POLITIQUE

Shawn Atleo réélu chef de l'Assemblée des Premières Nations

18/07/2012 08:11 EDT | Actualisé 17/09/2012 05:12 EDT
PC

Shawn Atleo a été réélu chef national de l'Assemblée des Premières Nations (APN) avec 66 % des voix à l'issue du troisième tour de scrutin.

Le chef sortant a obtenu le vote de 341 des 512 chefs qui se sont prononcés. Il a largement devancé ses sept adversaires à chacun des trois tours.

La juriste Pamela D. Palmater, qui est originaire du nord du Nouveau-Brunswick, arrive en deuxième position avec 141 voix au troisième tour. Mme Palmater se veut partisane d'une approche plus musclée vis-à-vis d'Ottawa, alors que l'approche du chef sortant tend à être plus conciliante.

Au terme de six mois de campagne électorale, huit candidats se retrouvaient en lice : quatre femmes et quatre hommes, dont Shawn Atleo.

« C'est du jamais vu. C'est la première fois qu'il y a autant de candidats », a souligné Ghislain Picard, le chef régional du Québec pour l'APN, en entrevue à RDI. Selon lui, la multiplication des candidatures s'explique par les « positions controversées du gouvernement Harper », avec lequel l'Assemblée peine à engager un dialogue constructif, mais aussi par « la difficulté à trouver le bon maillon entre l'APN et les souhaits émis par l'ensemble des communautés ». Autrement dit, à trouver le « bon » chef qui sera le porte-parole des revendications de la base.

Pour Ghislain Picard, l'heureux élu n'aura finalement que deux options. « Soit il maintient le statu quo, soit il cherchera à engager [des pourparlers avec] le gouvernement fédéral », a-t-il affirmé, en craignant que la seconde option se heurte à « l'idéologie des conservateurs ».

Partage des richesses

Dans leurs discours prononcés mardi, les huit candidats ont tous mis de l'avant la question de la qualité de vie des Autochtones et les moyens de l'améliorer.

Shawn Atleo a souligné que les Premières Nations faisaient valoir leurs droits un peu partout au pays. Il a notamment cité en exemple les revendications des communautés amérindiennes dans le cadre du Plan Nord du Québec, le Cercle de feu de l'Ontario et les projets énergétiques et d'oléoducs de l'Ouest. « Je suis résolument à leurs côtés », a martelé le chef sortant.

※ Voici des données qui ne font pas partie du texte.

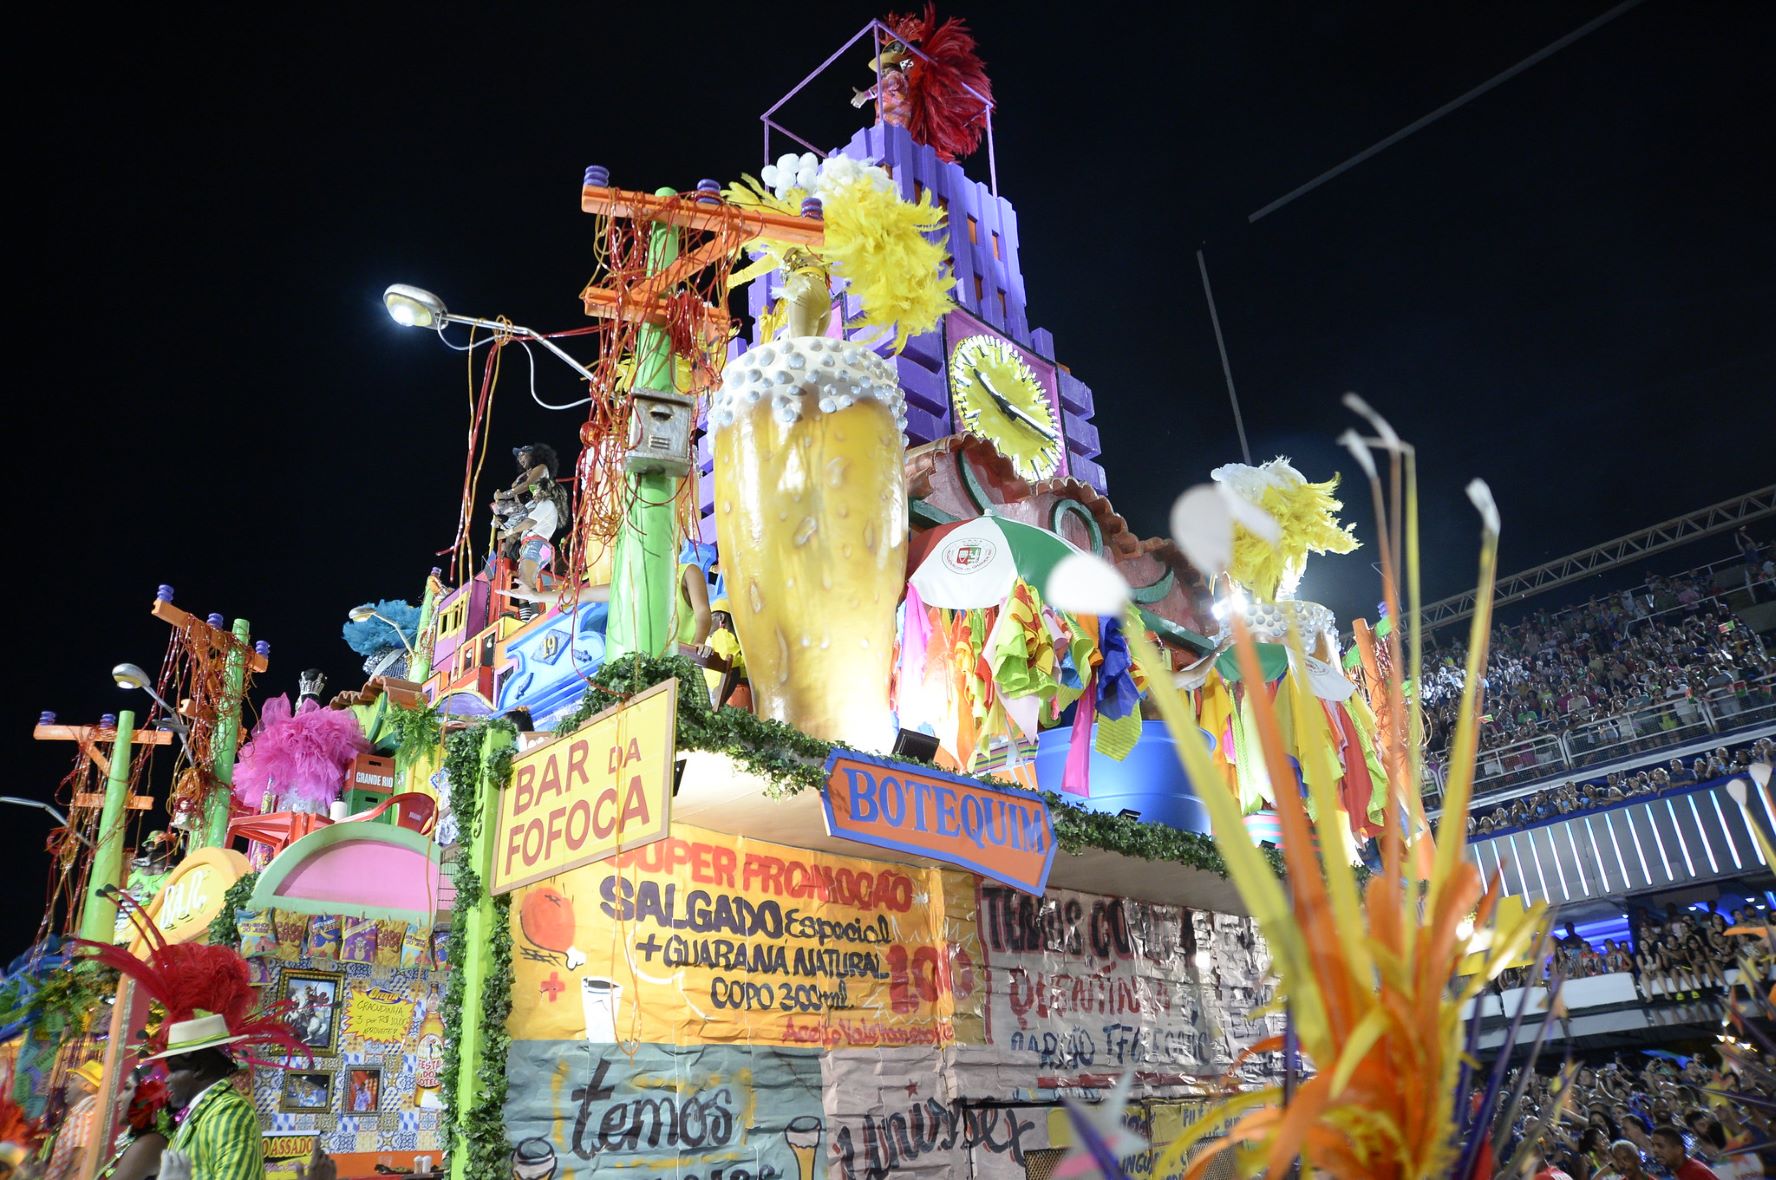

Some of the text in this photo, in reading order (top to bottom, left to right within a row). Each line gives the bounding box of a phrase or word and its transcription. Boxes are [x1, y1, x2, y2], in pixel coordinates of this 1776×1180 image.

[356, 771, 394, 788] GRANDE RIO
[513, 737, 642, 817] BAR DA
[504, 775, 650, 877] FOFOCA
[843, 767, 1045, 855] BOTEQUIM
[600, 875, 783, 939] SALGADO
[743, 853, 914, 913] PROMOÇÃO
[793, 943, 889, 980] NATURAL
[711, 977, 774, 1011] COPO
[571, 1057, 733, 1161] temos
[271, 1137, 313, 1156] ASSADO

Pour le chef régional de l'Ontario, Stan Beardy, ce soutien n'est pas suffisant. Il veut surtout savoir quel sort sera réservé aux Autochtones lorsque ces projets seront opérationnels. « Nous savons quel est notre problème, mais quelle est la solution? Nous voulons quelqu'un qui fera valoir notre compétence inhérente, de sorte que nous aurons accès à notre juste part », a expliqué M. Beardy, qui n'a pas ouvertement pris parti pour l'un des huit prétendants.

Pour assurer un meilleur accès des Autochtones à la richesse, Shawn Atleo propose de raviver les droits ancestraux contenus dans les traités, tout en faisant pression sur le premier ministre Harper pour qu'il tienne sa promesse de discuter de l'application des traités. « Les indices d'une volonté de la Couronne de discuter de l'implantation signifient que nous devons travailler de concert, en accord avec l'esprit et l'intention du traité », a souligné le chef sortant.

Certains de ses adversaires se sont montrés plus incisifs sur la question de l'exploitation des ressources naturelles. « Nous ne sommes pas contre le développement. Mais je suis contre un développement qui n'est pas durable, qui détruit la terre et les poissons et pollue les eaux », a lancé Ellen Gabriel, une Mohawk de Kanesatake, près de Montréal. « Nous ne voulons plus de ces histoires de mines. Elles nous ont assez contaminés comme ça », a-t-elle ajouté en citant surtout les mines d'uranium.